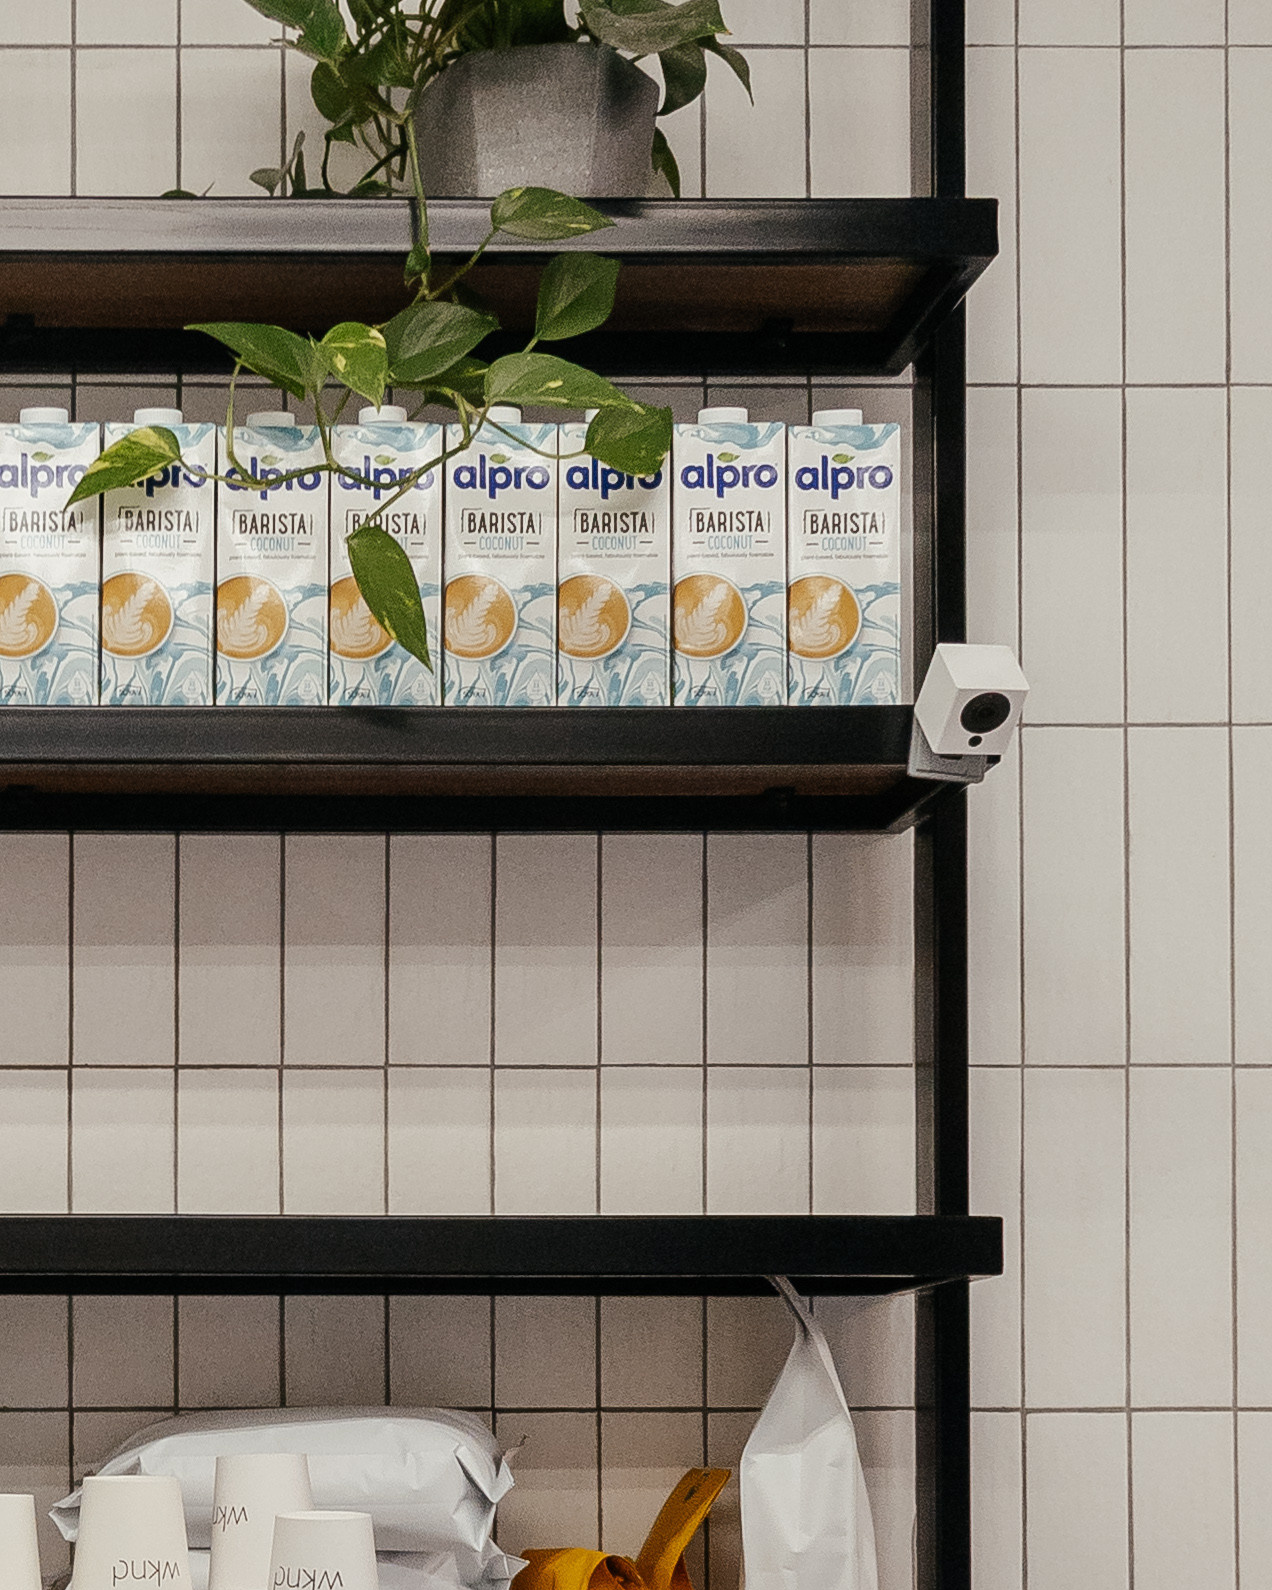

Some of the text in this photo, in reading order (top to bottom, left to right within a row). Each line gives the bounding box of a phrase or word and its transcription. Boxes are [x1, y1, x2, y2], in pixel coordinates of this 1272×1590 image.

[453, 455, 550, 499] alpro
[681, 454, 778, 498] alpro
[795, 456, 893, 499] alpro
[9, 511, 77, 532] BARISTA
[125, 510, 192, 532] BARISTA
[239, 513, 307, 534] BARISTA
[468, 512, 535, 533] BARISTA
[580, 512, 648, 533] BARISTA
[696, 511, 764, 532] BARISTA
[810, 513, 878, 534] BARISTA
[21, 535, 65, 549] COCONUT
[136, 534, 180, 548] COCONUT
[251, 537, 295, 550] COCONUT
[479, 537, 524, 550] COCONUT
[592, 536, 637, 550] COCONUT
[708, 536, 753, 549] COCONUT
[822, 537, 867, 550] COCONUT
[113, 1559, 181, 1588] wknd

--*--

WHAT YOU NEED TO DO: Reproduce the records in full, exactly as they appear, and show none of the pictures.

SOLUTION TO THIS TASK:
Some of the text in this photo, in reading order (top to bottom, left to right within a row). Each line gives the bounding box of a phrase or word and its transcription. Boxes are [x1, y1, x2, y2], in pixel coordinates of this 1272×1590 image.

[453, 455, 550, 499] alpro
[681, 454, 778, 498] alpro
[795, 456, 893, 499] alpro
[9, 511, 77, 532] BARISTA
[125, 510, 192, 532] BARISTA
[239, 513, 307, 534] BARISTA
[468, 512, 535, 533] BARISTA
[580, 512, 648, 533] BARISTA
[696, 511, 764, 532] BARISTA
[810, 513, 878, 534] BARISTA
[21, 535, 65, 549] COCONUT
[136, 534, 180, 548] COCONUT
[251, 537, 295, 550] COCONUT
[479, 537, 524, 550] COCONUT
[592, 536, 637, 550] COCONUT
[708, 536, 753, 549] COCONUT
[822, 537, 867, 550] COCONUT
[113, 1559, 181, 1588] wknd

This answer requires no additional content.